(Collected data)
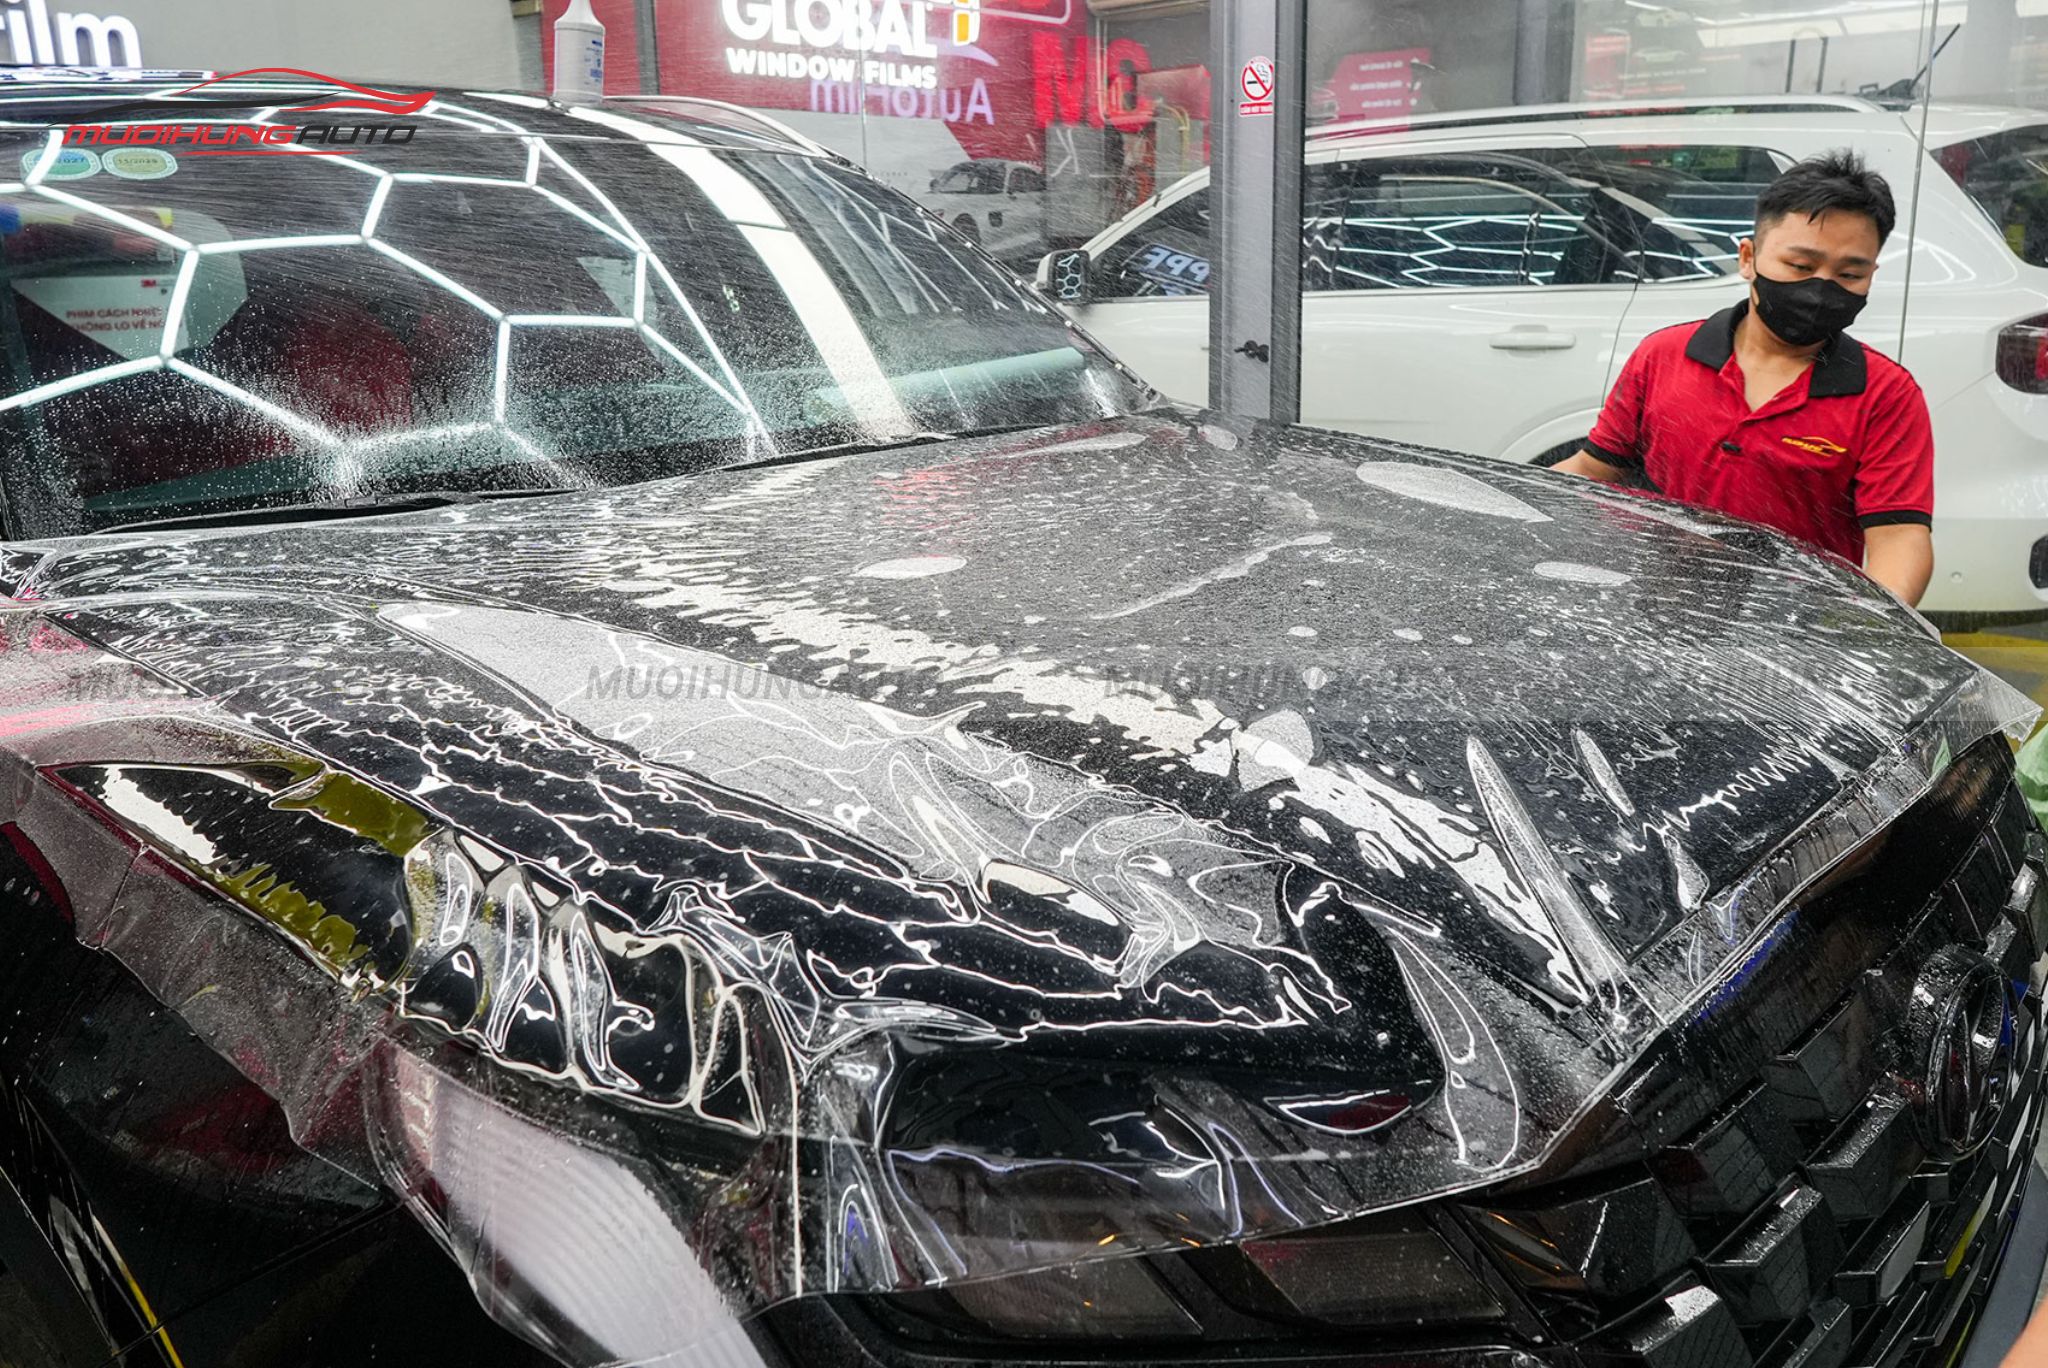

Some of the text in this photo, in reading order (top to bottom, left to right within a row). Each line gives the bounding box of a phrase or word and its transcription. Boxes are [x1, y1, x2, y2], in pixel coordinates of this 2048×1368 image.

[721, 0, 938, 58] GLOBAL
[725, 47, 938, 89] WINDOW FILMS
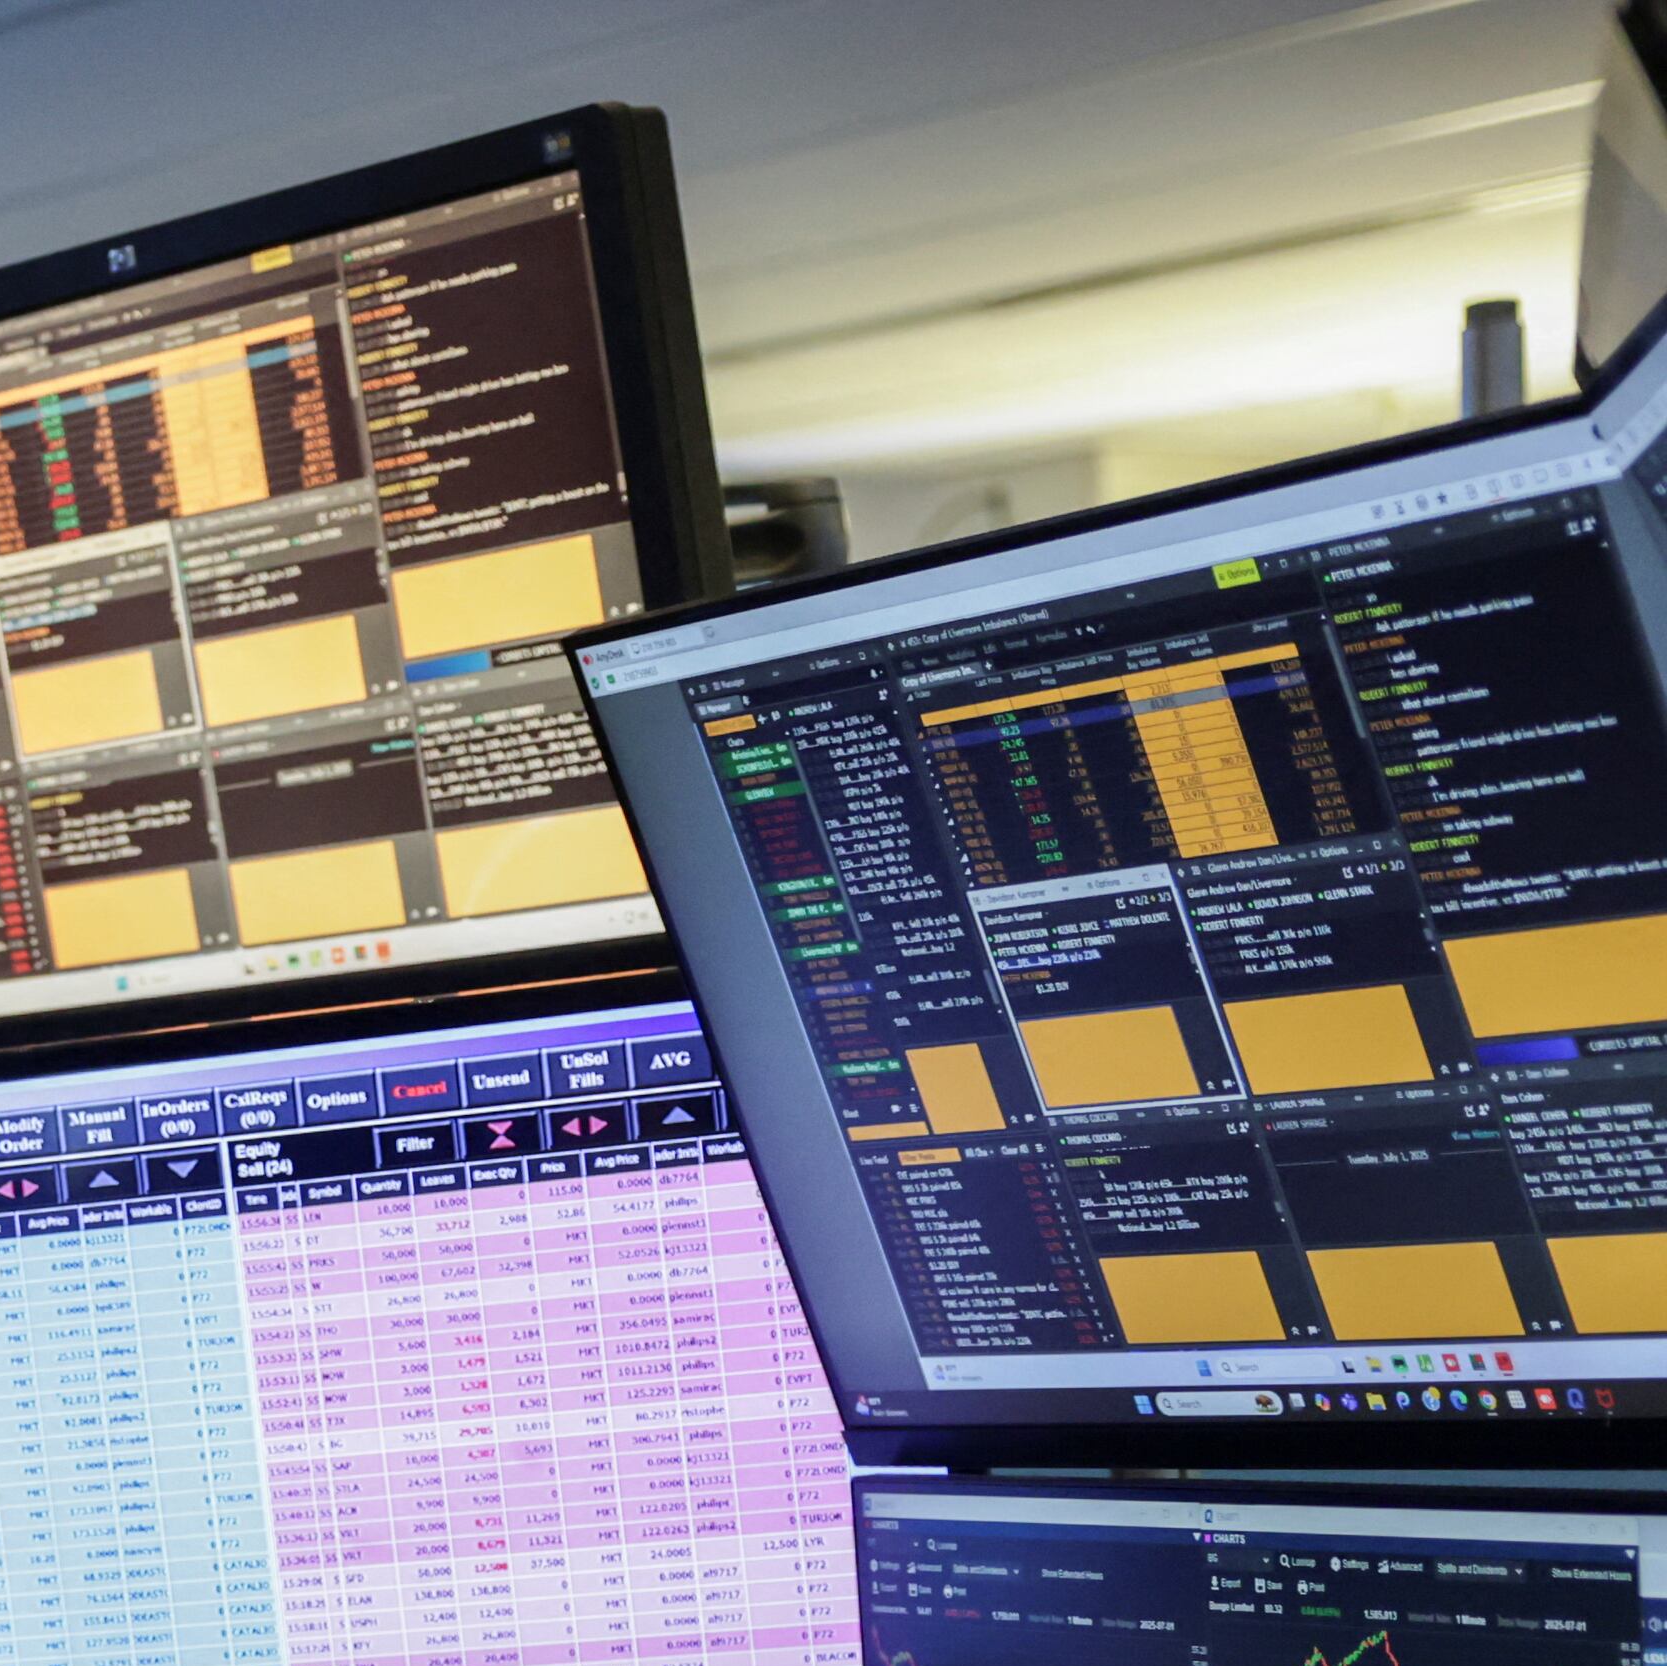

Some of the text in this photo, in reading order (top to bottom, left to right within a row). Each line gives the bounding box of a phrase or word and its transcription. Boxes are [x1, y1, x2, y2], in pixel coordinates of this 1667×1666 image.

[560, 1050, 609, 1069] UnSol
[649, 1052, 691, 1070] AVG
[473, 1070, 530, 1090] Unsend
[569, 1073, 605, 1090] Fills
[392, 1081, 448, 1099] Cancel
[142, 1098, 210, 1119] InOrders
[223, 1090, 288, 1109] CxlReqs
[306, 1091, 367, 1111] Options
[68, 1106, 126, 1127] Manual
[86, 1128, 114, 1145] Fill
[396, 1136, 435, 1153] Filter
[234, 1141, 281, 1160] Equity
[237, 1159, 294, 1179] Sell (24)
[540, 1161, 565, 1174] Price
[594, 1153, 640, 1169] Avg Price
[360, 1179, 402, 1194] Quantity
[420, 1174, 456, 1188] Leaves
[1213, 1533, 1246, 1545] CHARTS

Your instructions
Without copying any images, transcribe the records exactly as they stand.

Exercise answer
Some of the text in this photo, in reading order (top to bottom, left to right within a row). Each line gives the bounding box of a phrase or word and its transcription. Boxes are [x1, y1, x2, y2], in pixel coordinates of this 2048×1368 image.

[721, 0, 938, 58] GLOBAL
[725, 47, 938, 89] WINDOW FILMS

Some of the text in this photo, in reading order (top to bottom, left to right within a row). Each line gives the bounding box of a phrase or word and its transcription. Boxes are [x1, y1, x2, y2], in pixel coordinates of this 1667×1666 image.

[560, 1050, 609, 1069] UnSol
[649, 1052, 691, 1070] AVG
[473, 1070, 530, 1090] Unsend
[569, 1073, 605, 1090] Fills
[392, 1081, 448, 1099] Cancel
[142, 1098, 210, 1119] InOrders
[223, 1090, 288, 1109] CxlReqs
[306, 1091, 367, 1111] Options
[68, 1106, 126, 1127] Manual
[86, 1128, 114, 1145] Fill
[396, 1136, 435, 1153] Filter
[234, 1141, 281, 1160] Equity
[237, 1159, 294, 1179] Sell (24)
[540, 1161, 565, 1174] Price
[594, 1153, 640, 1169] Avg Price
[360, 1179, 402, 1194] Quantity
[420, 1174, 456, 1188] Leaves
[1213, 1533, 1246, 1545] CHARTS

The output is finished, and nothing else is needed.